To encourage an interest-rate cap at 36 percent is one thing (we could ignore); to require it by force of law is fascism because Obama. This was no more than a blatantly transparent attempt by unrepentant liberals in the Legislature to shackle payday lenders with the untenable and unreasonable expectation of "fair" interest rates on short-term loans.

We acknowledge the Senate's wisdom is refusing to cap - cripple is the better word! - generous rates that can balloon to 500 percent, born on the wings of the mistaken belief that the poor are not uneducated, intellectually lazy and willfully ignorant of the workings of financial instruments, thereby doing unto themselves long-term economic harm that is entirely of their own making.
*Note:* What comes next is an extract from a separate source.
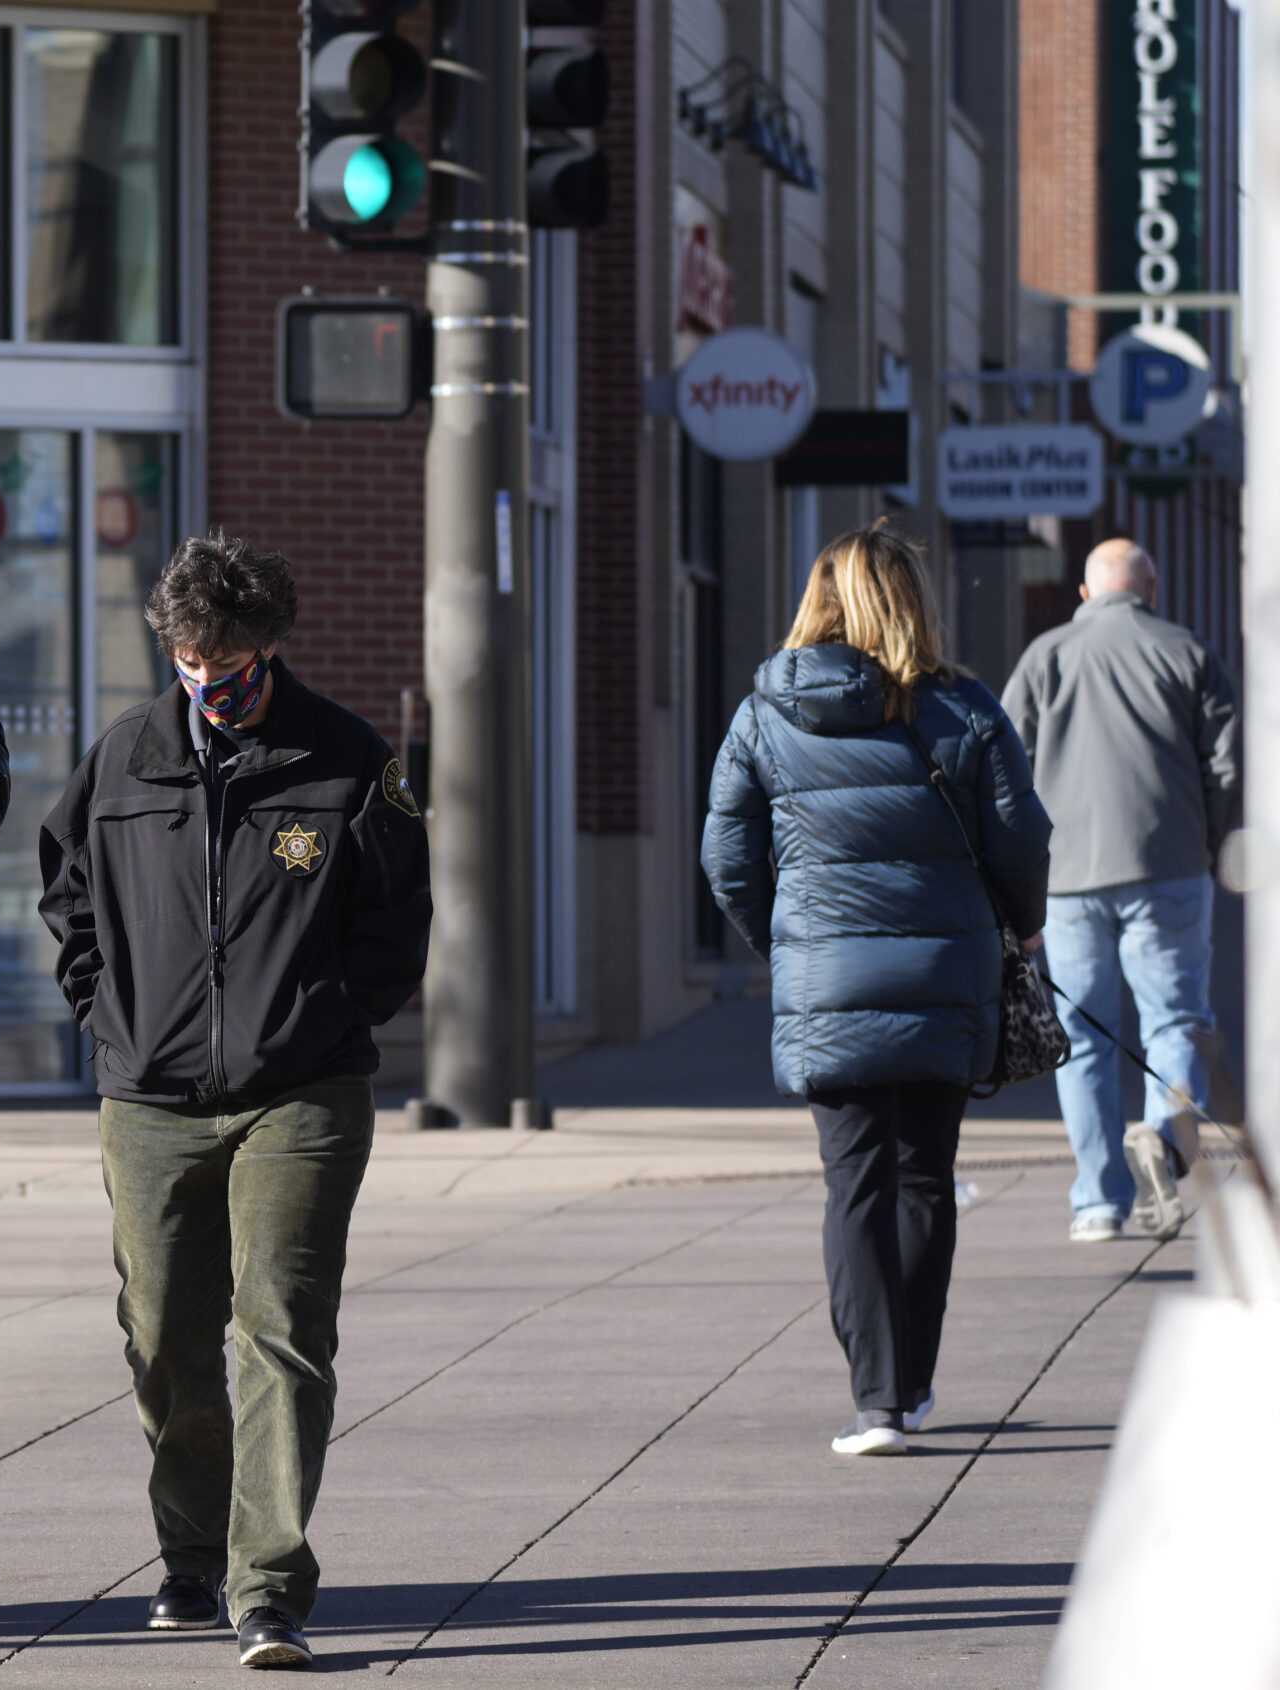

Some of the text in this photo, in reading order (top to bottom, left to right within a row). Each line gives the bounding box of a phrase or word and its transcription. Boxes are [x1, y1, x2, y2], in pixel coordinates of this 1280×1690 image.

[688, 372, 802, 416] xfinity
[1122, 350, 1189, 424] P
[1020, 479, 1087, 498] CENTER
We do have reservations that limiting our clientele to 10 fleecings within a one-year period could precipitate a ripple effect across the industry, leading to reputable payday lenders choosing not to offer financial salvation in Southwest Louisiana's most economically distressed neighborhoods. But we recognize the value of compromise in these delicate undertakings. And there is still time for the full Senate to strip away this ungainly regulation. Thank you to Sens. Page Cortez, Elbert Guillory and Jonathan Perry from the Lafayette delegation for recognizing the legitimate economic engine created by poverty for the hundreds of employees in the payday lending industry in Southwest Louisiana. The check is in the mail, gentlemen.

We reserve our most vigorous congratulations to the House Commerce Committee, which stopped dead in its tracks House Bill 239 before it could get to the full House. An equally onerous piece of legislation and companion piece to Senate Bill 84, HB 239 would undeniably have put payday lenders at a competitive and moral disadvantage to loan sharks and pawn brokers, striking at the very heart of capitalistic equilibrium. Many kudos, therefore, to Lafayette Rep. Stuart Bishop, who has "cemented" his role as a carrier of our briny water. (That is an inside joke we have about Stuart, my dear friend, who inherited a cement business and is a man-made self who knows that, should he ever fall on hard times, we are here for him with quick, easy cash and a no-sweat payment plan!)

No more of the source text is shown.